Hill creció en el condado más pobre del estado más pobre de Estados Unidos. West, su ciudad de 185 habitantes, está cruzada por una carretera de cuatro carriles en el condado rural de Holmes en Mississippi. Hizo trabajos de jardinería a una hora en automóvil hacia el sur en Canton, una ciudad de 13.000 habitantes en el condado más rico del estado, donde las tiendas del siglo XIX antes de la guerra, repletas de antigüedades, bordean una plaza céntrica perfecta como una postal.

Cuando tenía 18 años, Hill fue arrestado por cargos de agresión sexual y robo. Se declaró culpable y cumplió 14 años de prisión. Amigos y familiares dicen que comenzó a reconstruir su vida después de su liberación en 2015, tomando trabajos de jardinería con el dueño de la empresa Finnegan. “Era un trabajador increíble”, dijo Finnegan.

Durante el invierno de 2017 hasta la primavera, Hill mostró signos de enfermedad mental, mostró destellos de paranoia y se quejó de insomnio, dijo Finnegan. Después de dejarlo ir en 2018, Hill comenzó a aparecer en su casa, alegando que su antiguo jefe le debía millones de dólares. “Harvey, si hubiera tomado tus millones, no estaría haciendo jardinería. Estaría en una isla ”, cuenta Finnegan diciéndole.

Hill siguió regresando. En mayo de 2018, Finnegan llamó al Departamento de Policía de Madison. Si quería que se retirara a Hill, tenía que presentar cargos, dijo Finnegan que le dijeron, y así lo hizo. “Eso no es algo que realmente quisiera hacer”, dijo. “Harvey necesitaba estar en un hospital psiquiátrico”.

En la estación, Finnegan le dijo al oficial que retiraría los cargos y llevaría a Hill a un centro de salud mental si podían encontrar una habitación.
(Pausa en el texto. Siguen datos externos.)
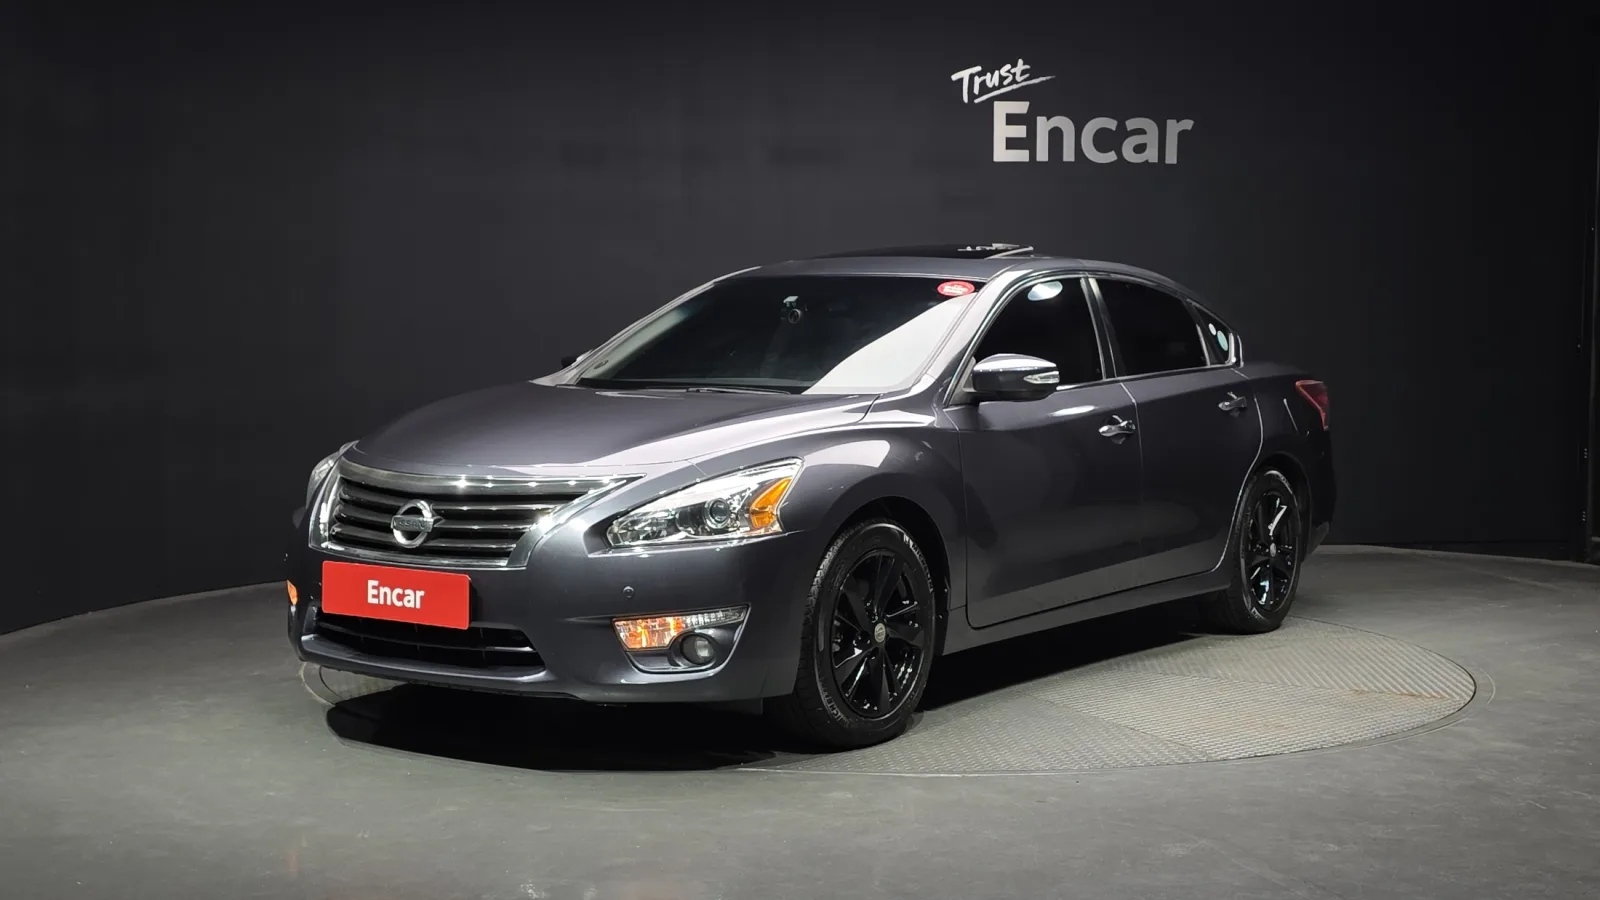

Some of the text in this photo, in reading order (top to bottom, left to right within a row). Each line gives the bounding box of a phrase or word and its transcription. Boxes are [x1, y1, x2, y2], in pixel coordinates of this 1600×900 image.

[951, 59, 1033, 103] Trust
[993, 101, 1195, 164] Encar
[393, 518, 426, 531] NSSAN
[367, 580, 425, 609] Encar
En cambio, Hill fue ingresado en la cárcel del condado de Madison ese viernes por la mañana. “Te recogeré el lunes”, dijo Finnegan. “Y te ayudaremos”.

El Departamento de Policía de Madison dijo que “no hubo eventos notables o extraordinarios relacionados con su arresto”. Mississippi no tiene estándares ni supervisión para las cárceles.

En su respuesta a una demanda familiar, los guardias dijeron que sus acciones fueron adecuadas según la política de la cárcel. Michael Wolf, abogado de uno de los guardias, James Ingram, dijo a Reuters que Hill mordió y luego trató de darle un cabezazo a un oficial, “y continuó resistiendo y exhibió una fuerza inusual. Las técnicas de control fueron consistentes con el uso continuo de la fuerza del Condado “. El otro guardia nombrado en el litigio, James Buford, se negó a comentar.

La familia cree que la fuerza fue injustificada. “Harvey Hill estaba esposado y golpeado hasta morir”, dijo Derek Sells, abogado que representa a la familia. “Alguien debe ser responsable”.

La muerte de Hill fue una de las cuatro que Reuters identificó en la cárcel durante el período de 12 años. Después de su muerte, la cárcel llenó un formulario para el BJS con el nombre de Hill y detalles, incluida su raza, edad y cargos. La casilla de “homicidio” se dejó sin marcar. Dos años después, no se ha enviado ninguna “causa de muerte” al BJS, dijo la cárcel, citando una investigación en curso por parte de la Oficina de Investigaciones de Mississippi. Nadie ha sido acusado.

La familia dijo que la cárcel mintió sobre su muerte. “Simplemente nos dijeron que Harvey había fallecido y que había tenido un ataque cardíaco”, dijo Katrina Nettles, su hermana menor. La cárcel no respondió a las solicitudes de comentarios. Su contratista médico, Quality Correctional Health Care, y la enfermera que trató a Hill negaron haber actuado mal en el litigio.

Sin embargo, una autopsia dictaminó que la muerte de Hill fue un homicidio. El informe mostró que las abrasiones le salpicaron la cabeza y el pecho. Una hemorragia interna grave le hinchó el cuello. Su hígado había sido lacerado.

El médico forense estatal, citando un retraso, no dio a conocer los hallazgos a la familia hasta junio de este año, 25 meses después de su muerte y 13 meses después de que expirara el plazo de prescripción por litigios por agresión. La familia presentó su demanda en curso en febrero pasado, antes de recibir la autopsia.

Cuando Reuters le contó los sombríos hallazgos de la autopsia, Finnegan se inclinó hacia adelante y contuvo las lágrimas. “Dios Todopoderoso”, dijo, pasando una mano por su rostro. “Harvey era un amigo”.